Your virtual visit with your doctor is at 1:00 p.m. It’s now 1:20 p.m. and your physician has not yet logged in. Do you call the clinic? Hang up and log back in? Groan in frustration?

Being stuck in a virtual waiting room and staring at a blank computer or device screen is a huge dissatisfier among telemedicine patients. To respect patients’ time, and provide the optimal experience, UC San Diego Health conducted a 10-week quality improvement study to evaluate how text messaging a link to a patient when their doctor is ready provides a way to connect patients and doctors most efficiently, without relying on the virtual waiting room.

Results of the study published in the May 27 online issue of Quality Management in Health Care.

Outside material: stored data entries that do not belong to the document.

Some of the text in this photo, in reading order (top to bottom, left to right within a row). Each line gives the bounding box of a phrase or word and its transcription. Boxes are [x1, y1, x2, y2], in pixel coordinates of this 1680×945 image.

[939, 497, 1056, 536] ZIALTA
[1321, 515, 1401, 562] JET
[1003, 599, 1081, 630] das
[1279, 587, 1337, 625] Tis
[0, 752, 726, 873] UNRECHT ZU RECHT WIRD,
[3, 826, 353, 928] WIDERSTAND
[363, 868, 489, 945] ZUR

“Borrowing from the airline and restaurant industries, we tested whether we could contact patients via text to log into their appointment when their doctor is ready. The goal of the feasibility study was to determine if this flexibility lead to improved perception of waiting time and an enhanced experience, while assessing for time saving for both patients and providers,” said Brett C. Meyer, MD, neurologist, co-director of the UC San Diego Heath Stroke Center, and clinical director of telehealth at UC San Diego Health.

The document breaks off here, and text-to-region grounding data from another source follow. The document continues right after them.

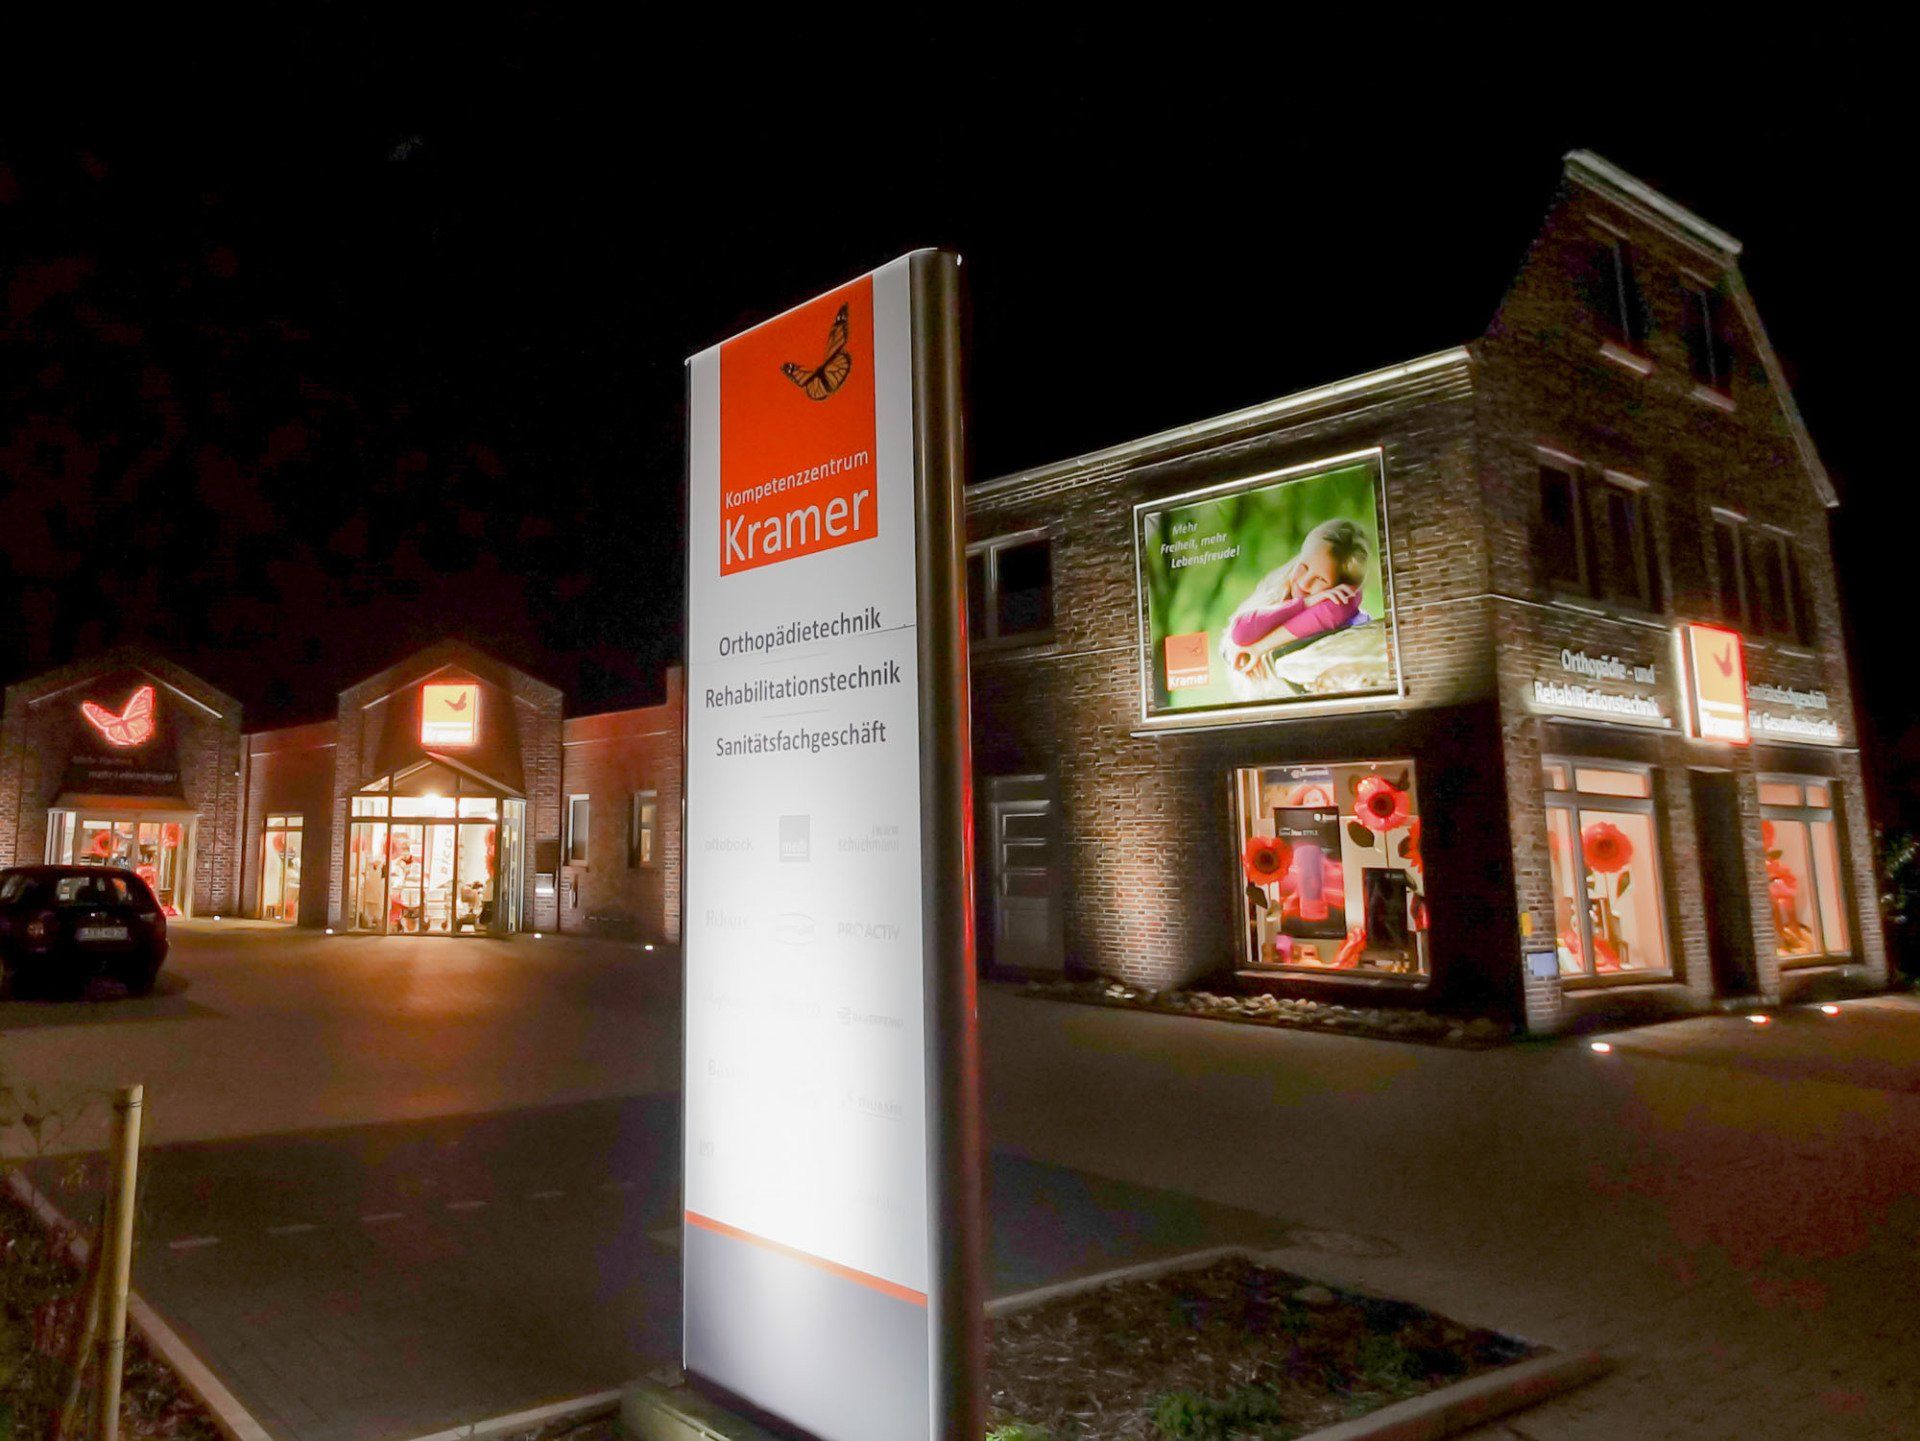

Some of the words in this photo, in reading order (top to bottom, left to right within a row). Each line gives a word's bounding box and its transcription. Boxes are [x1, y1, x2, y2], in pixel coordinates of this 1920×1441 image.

[726, 450, 869, 509] Kompetenzzentrum
[725, 488, 870, 565] Kramer
[1172, 521, 1199, 536] Mehr
[1201, 532, 1228, 546] mehr
[1171, 545, 1241, 569] Lebensfreude!
[719, 606, 882, 656] Orthopädietechnik
[706, 659, 901, 709] Rehabilitationstechnik
[716, 720, 887, 757] Sanitätsfachgeschäft

“We stepped back and asked, ‘Do we need a virtual waiting room at all? Can we let patients know when their provider is available instead of making them wait online?'” said Emily S. Perrinez, RN, MSN, MPH, study co-author and director of telehealth operations at UC San Diego Health. “The reality is that wait times and lack of timely communication both correlate with patient experience. Real-time text notification that the provider is ready improved patient satisfaction and this experience is the kind of feedback we love to see.”

Twenty-two patients at a stroke clinic participated in the two-and-a-half month study. Patients chose to either receive a text, which included a visit link when their provider was ready for their visit or the standard telehealth routine of logging in at a scheduled time and waiting in front of a camera in a virtual waiting room.